Mit solchen Szenarien wird legitimiert, dass Menschen Demonstrationsverbote missachten, Polizeiabsperrungen durchbrechen, vielleicht auch Impfteams angreifen. Deshalb beobachtet der Verfassungsschutz inzwischen führende Köpfe.
Ludwig behauptet dagegen weiter, es würden Menschen beobachtet, weil sie "für Frieden, Freiheit, Rechtsstaatlichkeit und Demokratie auf die Straße" gingen. Die Bewegung feierte eine Ankündigung des UN-Folterbeauftragten, einzelne Vorgehen der Polizei gegen Teilnehmer einer nicht genehmigten Demonstration zu untersuchen. Die Polizei geht konsequenter vor, seit die Demos vermehrt verboten wurden.
Welche Gewalt gibt es?
Wo es "Opfer" von "Gewalt" und Unterdrückung gibt, muss es nach der Logik auch "Täter" geben, die dafür verantwortlich sind: Politiker, Wissenschaftler, Ärzte, die sich öffentlich fürs Impfen aussprechen, oder Journalisten, die kritisch berichten, werden bedroht. Als "Todesliste" kursierte eine Aufstellung jener Bundestagsabgeordneten, die im April 2021 nicht gegen die Änderung des Infektionsschutzgesetzes gestimmt hatten. Offenbar kann aber auch ein Kassierer, der auf die Einhaltung der Maskenpflicht pocht, als "Täter" und Teil des Systems wahrgenommen werden – wie beim Angriff in Idar-Oberstein.

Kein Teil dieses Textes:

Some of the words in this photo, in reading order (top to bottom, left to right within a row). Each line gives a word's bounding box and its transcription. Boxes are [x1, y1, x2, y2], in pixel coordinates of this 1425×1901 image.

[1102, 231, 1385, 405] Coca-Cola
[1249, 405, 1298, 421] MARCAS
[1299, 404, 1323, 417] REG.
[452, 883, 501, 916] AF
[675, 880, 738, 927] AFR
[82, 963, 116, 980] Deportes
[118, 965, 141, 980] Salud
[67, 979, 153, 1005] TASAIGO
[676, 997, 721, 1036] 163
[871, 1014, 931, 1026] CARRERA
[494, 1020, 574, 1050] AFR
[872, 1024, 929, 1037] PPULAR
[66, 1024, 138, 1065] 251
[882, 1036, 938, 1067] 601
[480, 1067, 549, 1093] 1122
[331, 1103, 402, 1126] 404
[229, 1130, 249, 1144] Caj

Hass auf Institutionen im Zusammenhang mit Corona zeigte sich früh: Im Oktober 2020 warfen mehrere Täter Brandsätze auf das Robert Koch-Institut. Wissenschaftler, denen die Politik vertraut, erscheinen als mächtig, als Teil von "denen da oben" und sind damit Zielscheibe. Inzwischen sind mehrfach Impfbusse und Impfzentren angegriffen worden, in Sachsen stellt sich die Polizei bereits auf besonderen Schutz ein. Eine weitere Gefahr dabei: Es setzt eine "Gewöhnung" ein. Einfache körperliche Gewalt von Impfgegnern ist oft nur noch eine kleine Meldung.
Facebook, für die Bewegung zumindest wichtig, um neue Menschen zu erreichen, reagierte inzwischen: 150 Seiten und Gruppen wurden gesperrt, weil dahinter eine Gruppe zur "koordinierten Schädigung der Gesellschaft" stecke. Auf Telegram geht es aber weiter.

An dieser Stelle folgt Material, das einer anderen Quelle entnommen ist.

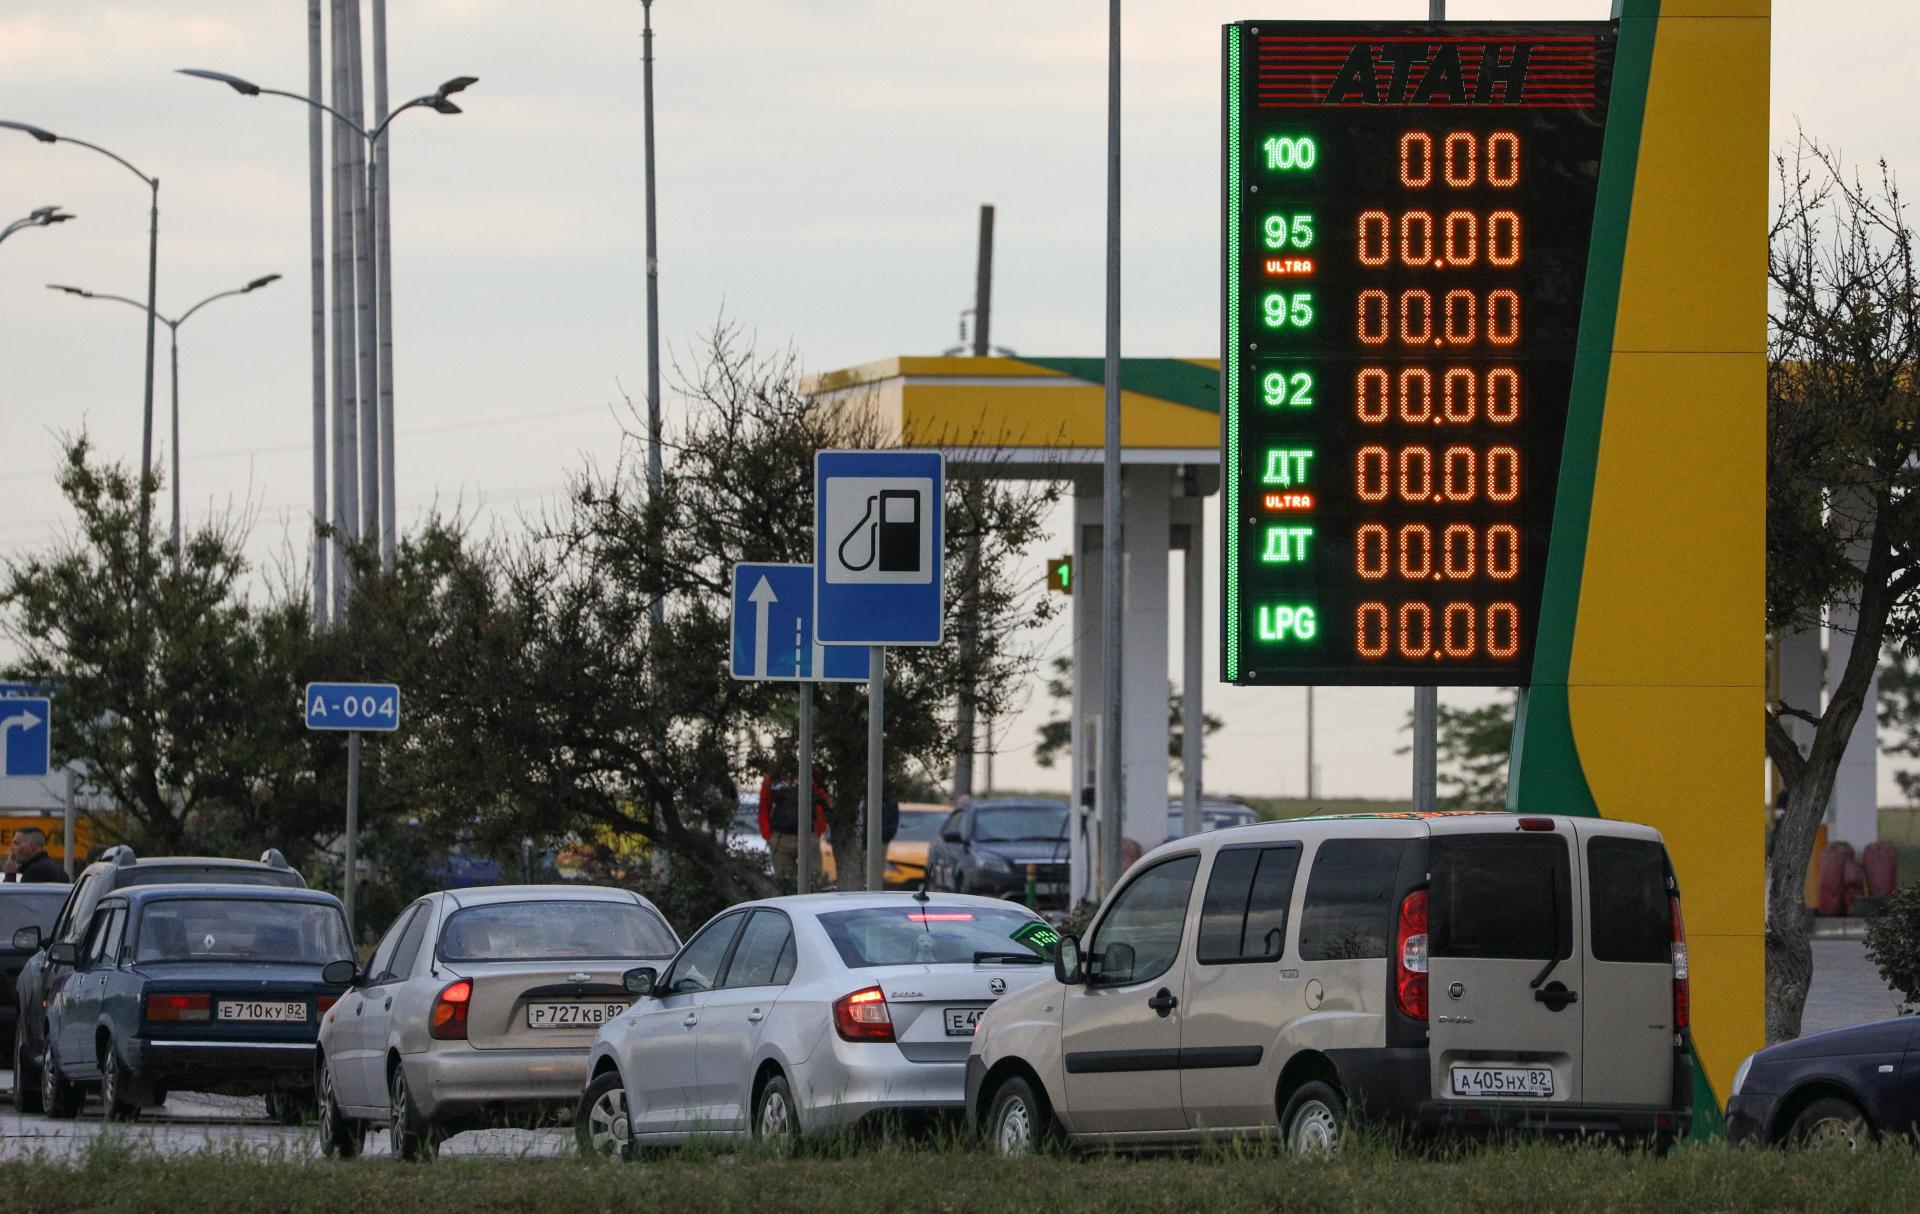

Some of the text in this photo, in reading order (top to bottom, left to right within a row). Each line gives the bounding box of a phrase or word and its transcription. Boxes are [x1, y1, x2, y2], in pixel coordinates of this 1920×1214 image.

[1322, 43, 1532, 105] АТАН
[1264, 132, 1519, 187] 100 000
[1264, 211, 1519, 268] 95 00.00
[1266, 260, 1312, 273] ULTRA
[1264, 290, 1519, 346] 95 00.00
[1264, 368, 1518, 424] 92 00.00
[1263, 446, 1518, 503] ДТ 00.00
[1265, 495, 1311, 508] ULTRA
[1057, 563, 1069, 587] 1
[1262, 524, 1518, 581] ДТ 00.00
[1258, 602, 1518, 659] LPG 00.00
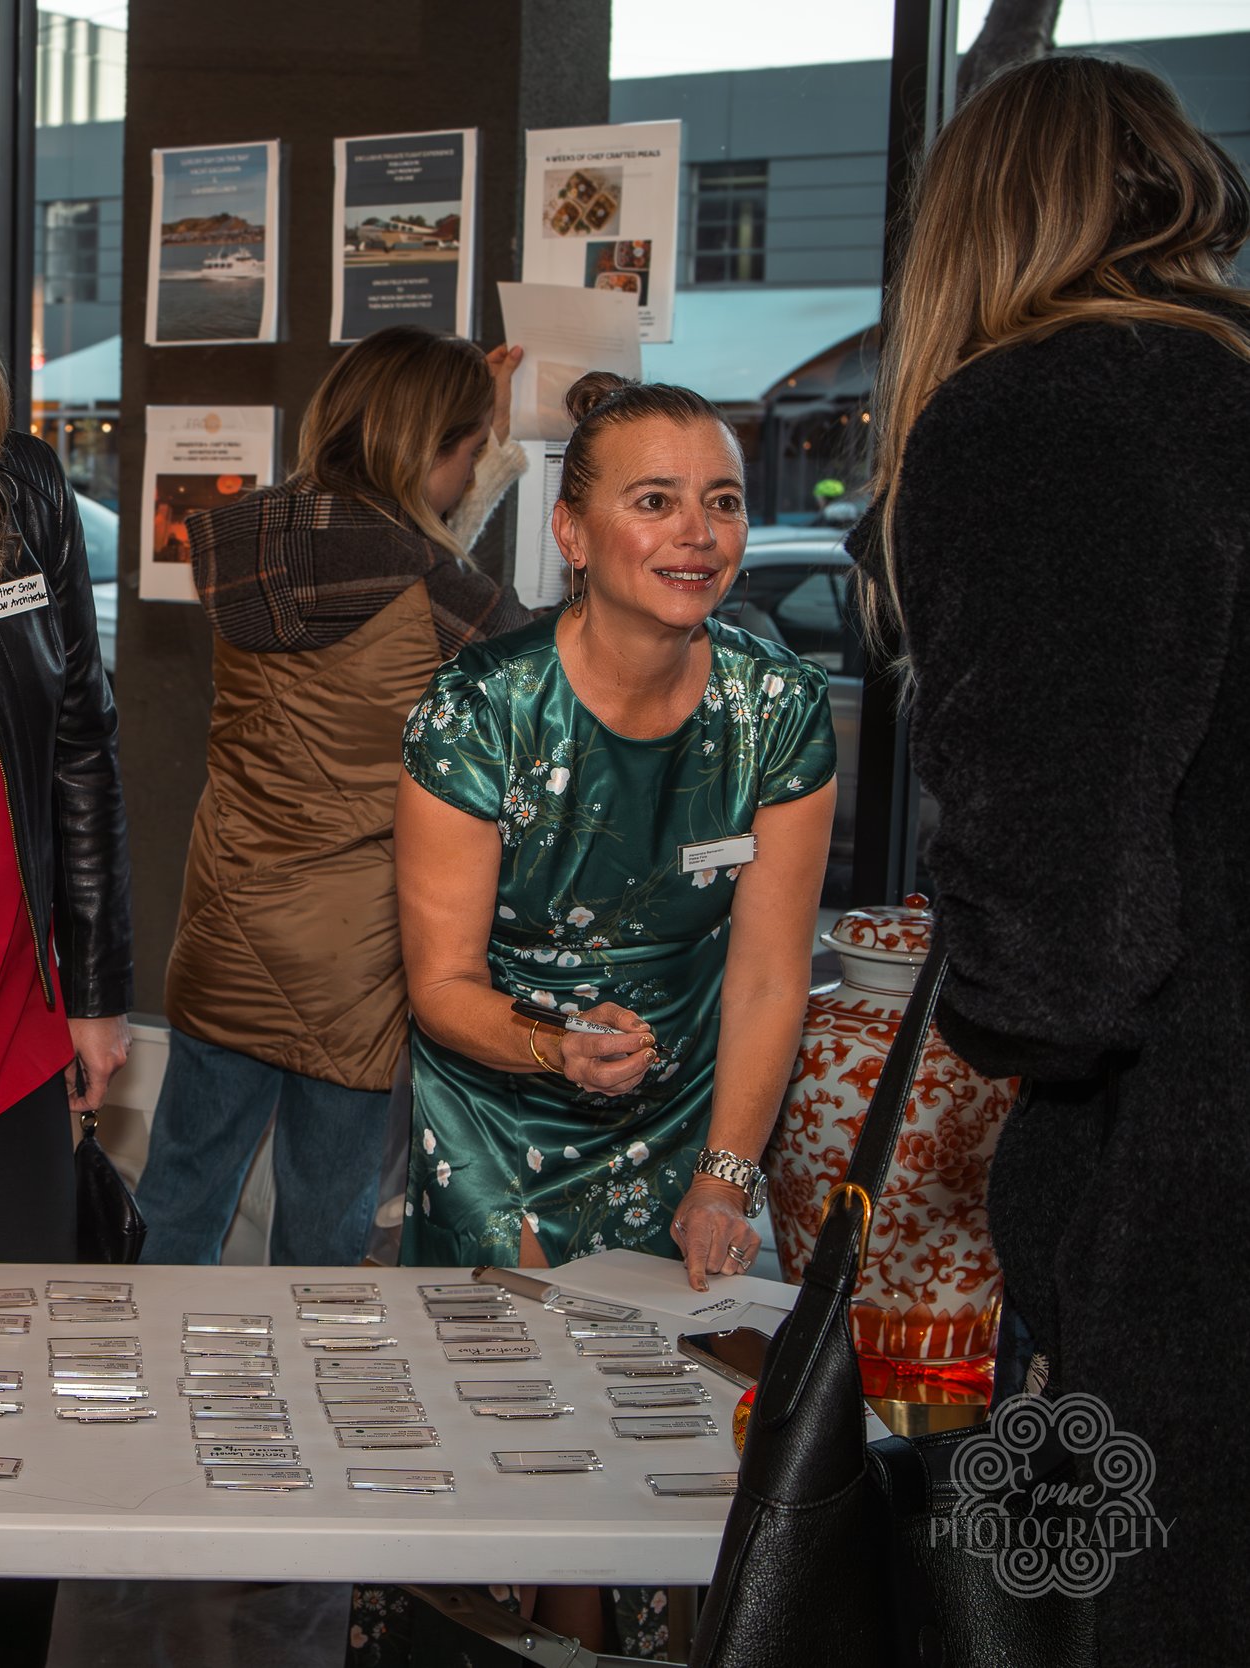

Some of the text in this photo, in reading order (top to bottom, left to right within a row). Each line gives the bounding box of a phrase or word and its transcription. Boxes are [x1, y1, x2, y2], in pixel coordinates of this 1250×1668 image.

t-online-Redakteur Lars Wienand beobachtet die Szene von Anfang an. Für seine Berichte haben Akteure der Szene gefordert, ihn bei "Nürnberger Prozessen" lebenslang hinter Gitter zu bringen.
*Wir hatten an dieser Stelle zunächst Postleitzahl anstelle von Vorwahl geschrieben.
**Die Studie ist von der Universität Basel, nicht von der uNiversität Bern, wie zunächst geschrieben.